Originally posted at Forbes, August 2016. 

Here is something that may surprise you. Did you know that in the 6 ½ years since the passage of Obamacare, Republicans have not held a single hearing on the problems the law has created for ordinary people. No hearing in the House of Representatives. None in the Senate. None anywhere else. Zip. Zero. Nada.

There certainly has been no shortage of problems. It seems like every other week the (liberal) New York Times brings us a new investigative report – complete with gory details and eyewitness reports of victim after victim of President Obama’s signature legislative accomplishment. But if you look over the subject matter for the committee hearings in Congress for the past several years, you would never know an Obamacare problem even exists.

Why is that? There have been no shortage of votes to repeal Obamacare. At last count the House has voted to repeal some or all of the hated legislation 60 times!

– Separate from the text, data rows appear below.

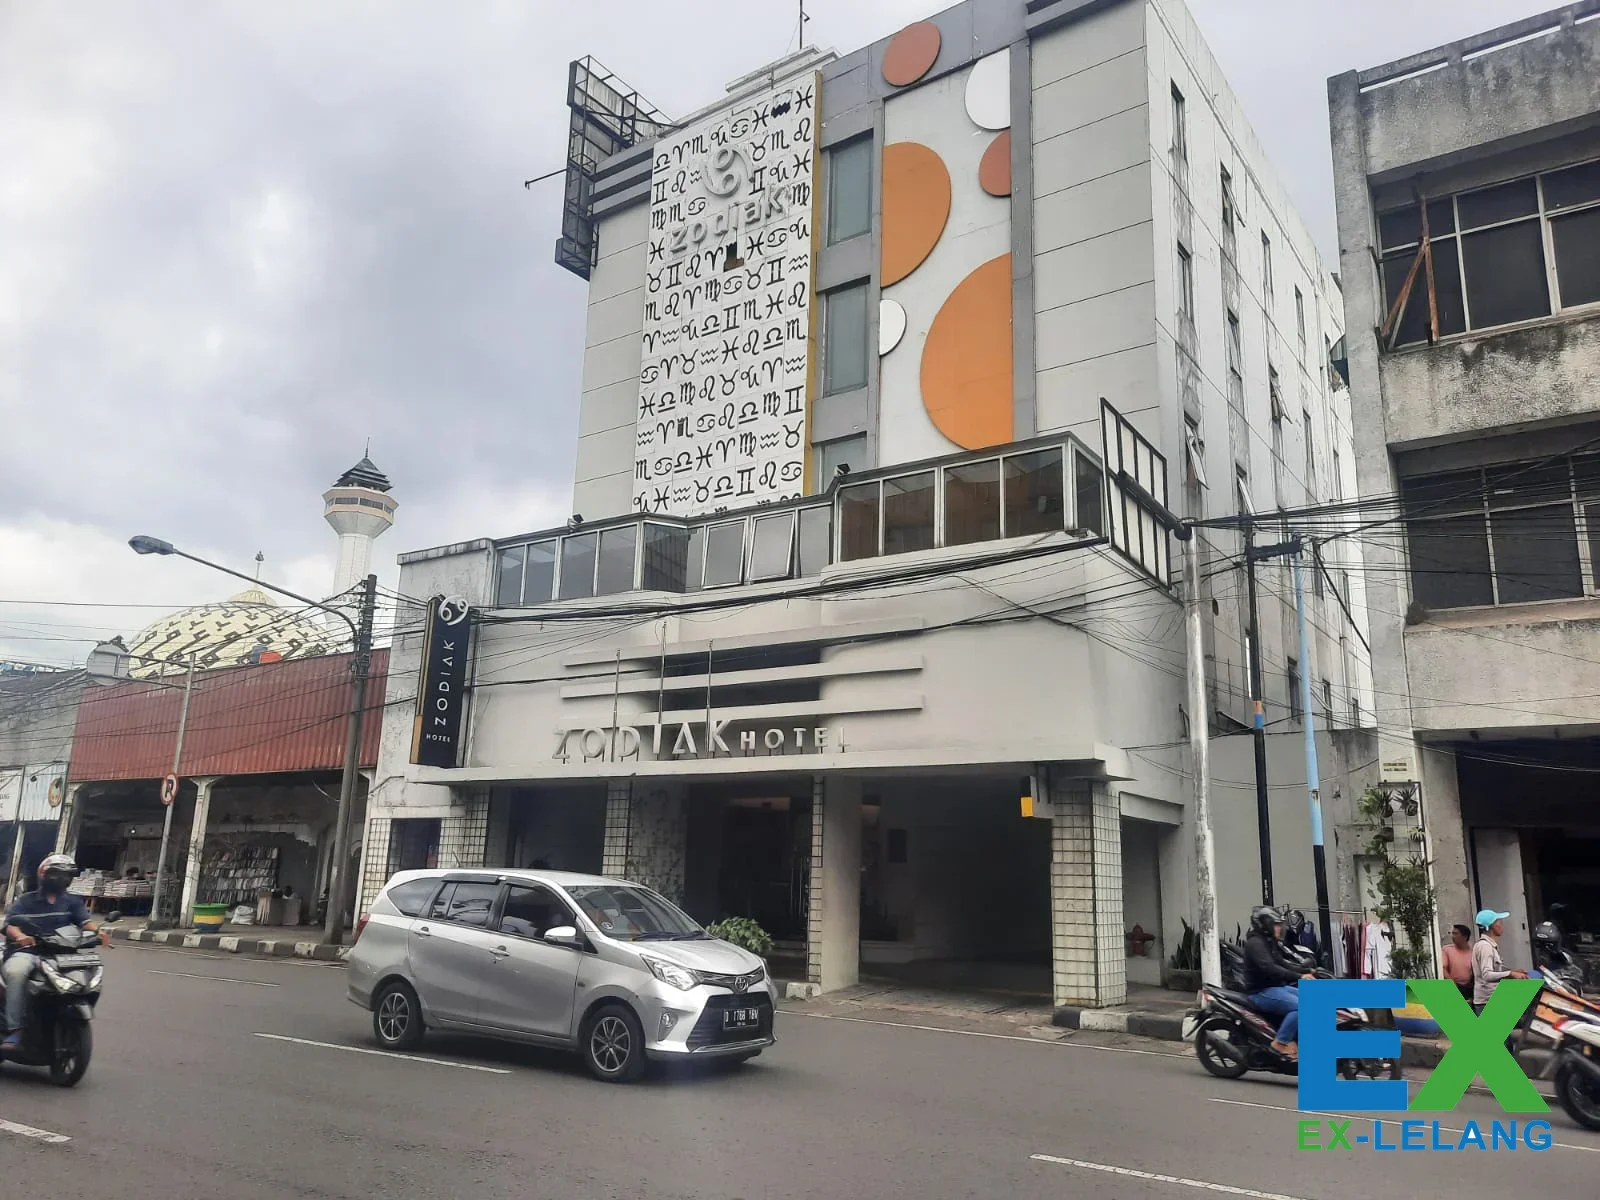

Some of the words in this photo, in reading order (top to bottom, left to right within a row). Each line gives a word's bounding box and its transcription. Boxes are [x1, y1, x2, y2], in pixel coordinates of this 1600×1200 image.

[434, 639, 455, 726] ZODIAK
[426, 733, 451, 743] HOTEL
[552, 719, 732, 760] ZODIAK
[740, 727, 851, 750] HOTEL
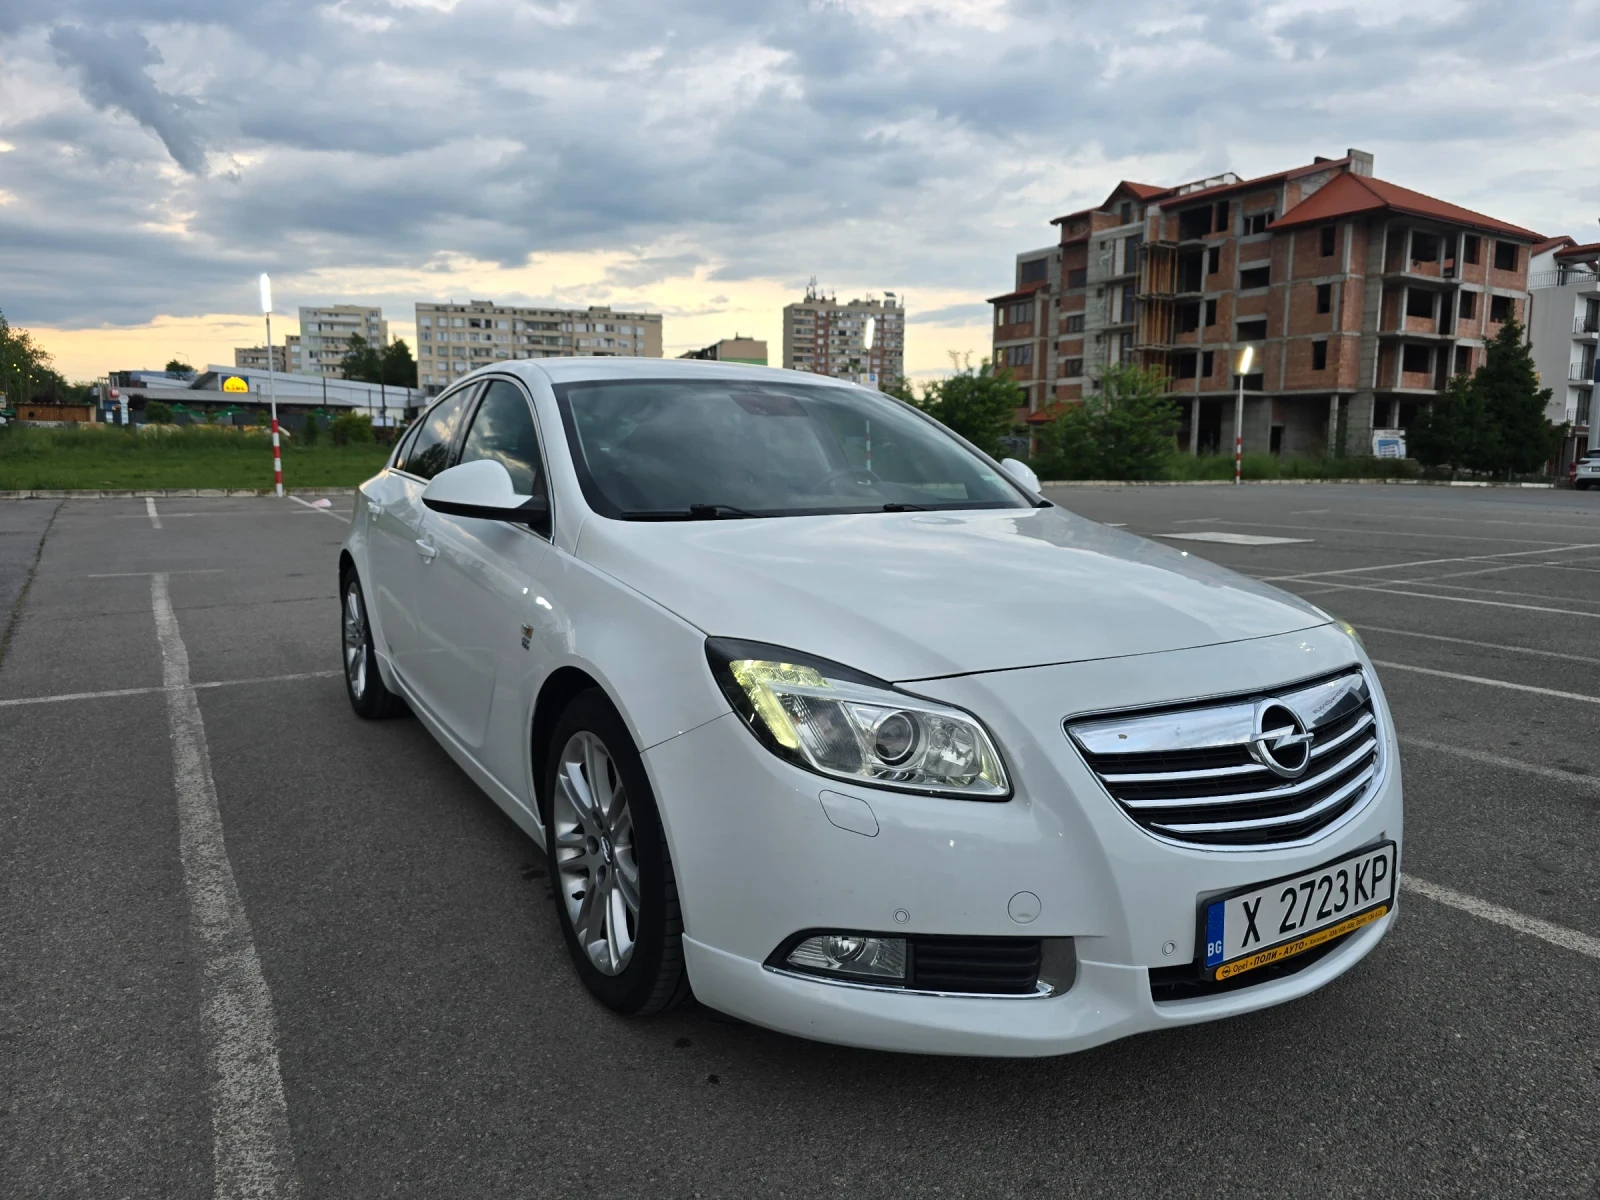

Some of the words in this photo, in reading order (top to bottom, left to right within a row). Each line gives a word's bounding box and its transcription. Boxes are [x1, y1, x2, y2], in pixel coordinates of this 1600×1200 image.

[1241, 897, 1261, 948] X
[1279, 869, 1348, 934] 2723
[1207, 940, 1222, 957] BG
[1233, 961, 1248, 973] Opel
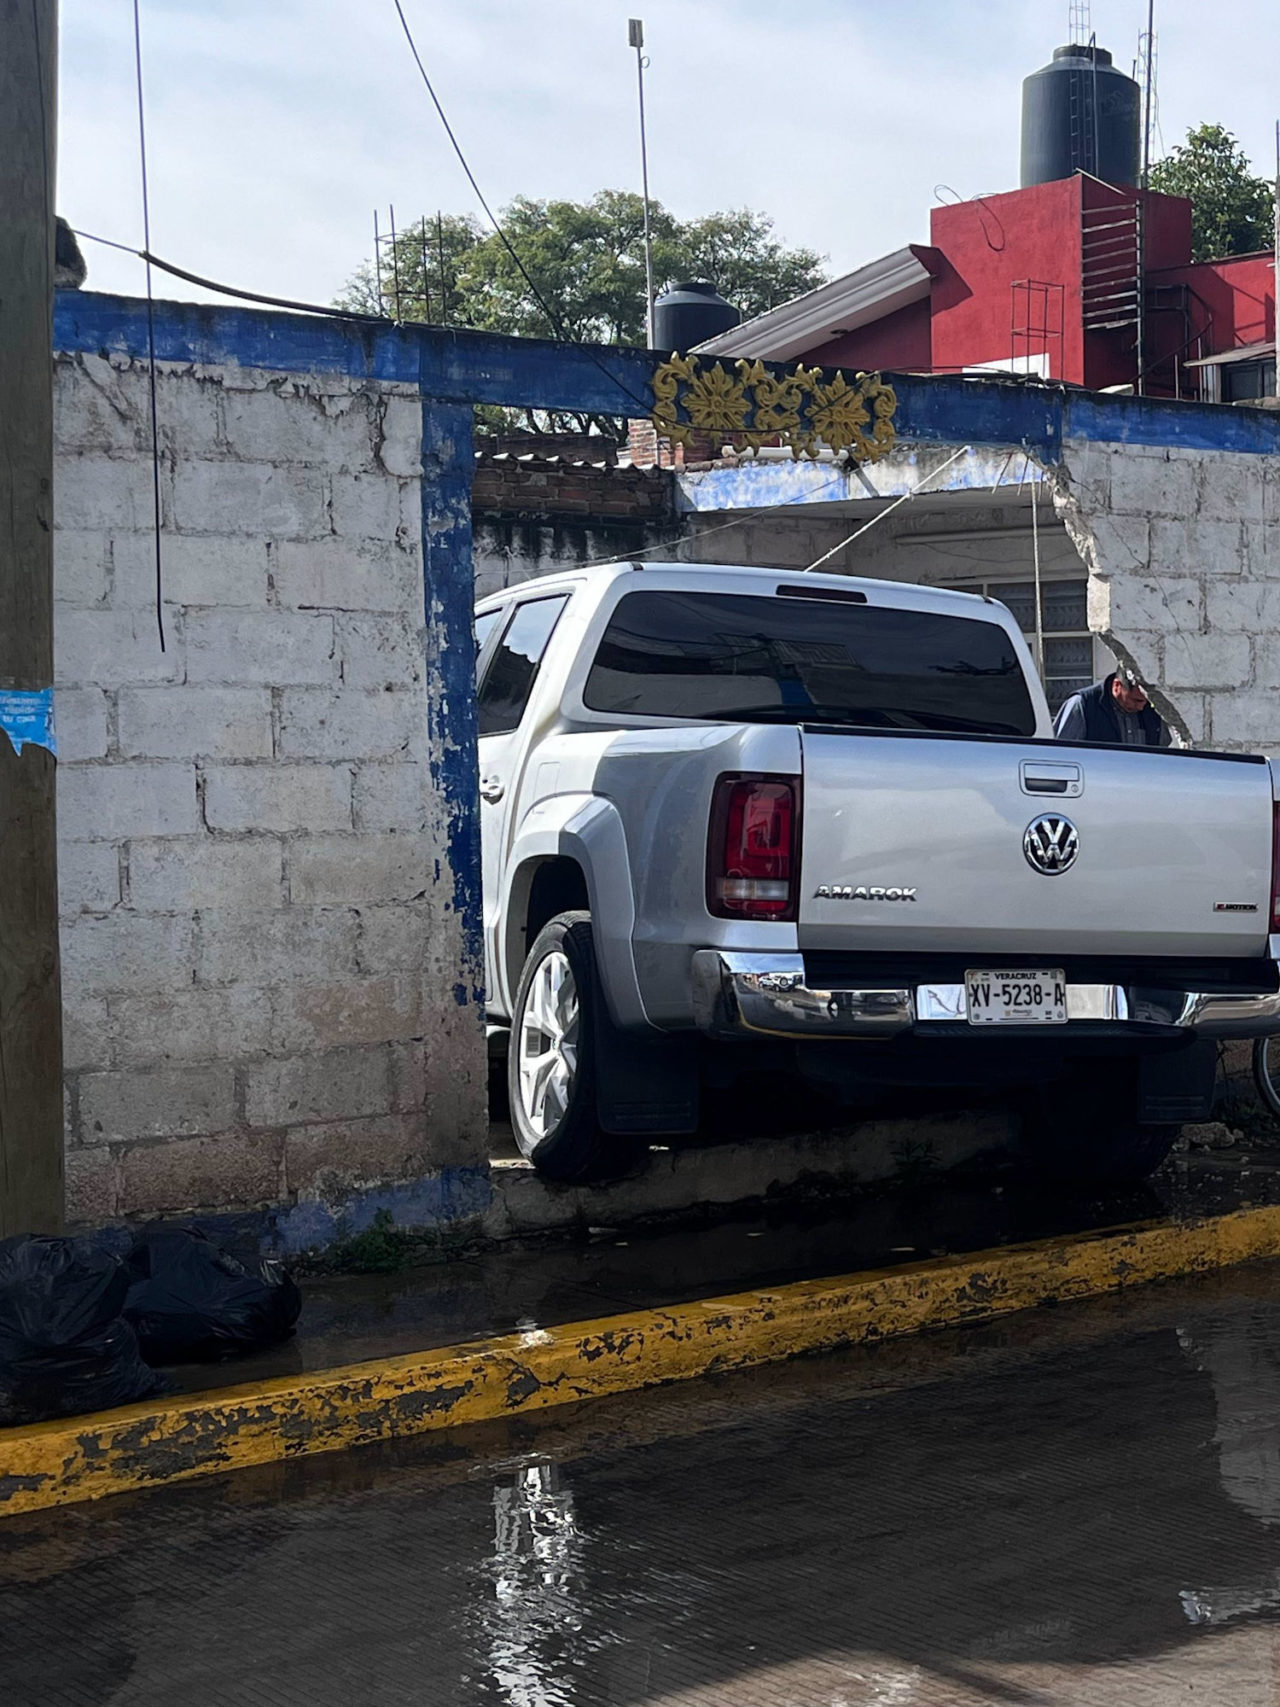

But if you are going to vote to repeal something, shouldn’t you at least know why you want to repeal it? And to get a handle on that, why not bring in witnesses, consider evidence and mull over the findings?

Here, I think is the answer. Consider the most widely reported problems with ObamaCare: soaring premiums, narrow networks that leave out the best doctors and the best facilities, lack of access to specialists, high out-of-pocket costs for lifesaving specialty drugs, etc.

The people having these problems got their insurance in the (Obamacare) exchanges. The vast majority of them are newly insured. Whatever problems they are having would be even worse if they had no insurance at all. And that is what would happen if the Republicans repealed Obamacare and did not replace it with something else.

Having a hearing wouldn’t just put Democrats on the spot. It would put Republicans in the potentially embarrassing bind of having to explain how they would solve these very same problems.

Sorry to say, most Republican members of Congress have no solutions. Once you repeal all of Obamacare you also repeal all its sources of revenue. With no revenue, you can’t replace Obamacare with some other method of insuring the uninsured.

A House Republican task force on health care, established by Paul Ryan, has an answer to that problem: a Republican version of the Obamacare Cadillac plan tax. And although no numbers were produced, it is obvious that the tax would have to be quite steep to raise any serious revenue.

Ah, but there is a problem with that. Virtually every Republican in the House of Representatives has voted to abolish Obamacare’s version of the Cadillac tax. They would all look hypocritical if they turned around and endorsed a Cedilla tax that is just as bad or worse.

So let’s return to the titular question.

When House Republicans vote to repeal Obamacare, they are taking a free vote. They know their vote is meaningless because they know nothing will happen as a result of it. But suppose a future Senate and a future president signaled a willingness to go along with whatever the House sends their way. What then?

Would House Republicans really vote to take health insurance away from 20 million people?

Luckily for our elected representatives, they haven’t had to answer that question.

This articles was originally posted at Forbes on August 4, 2016.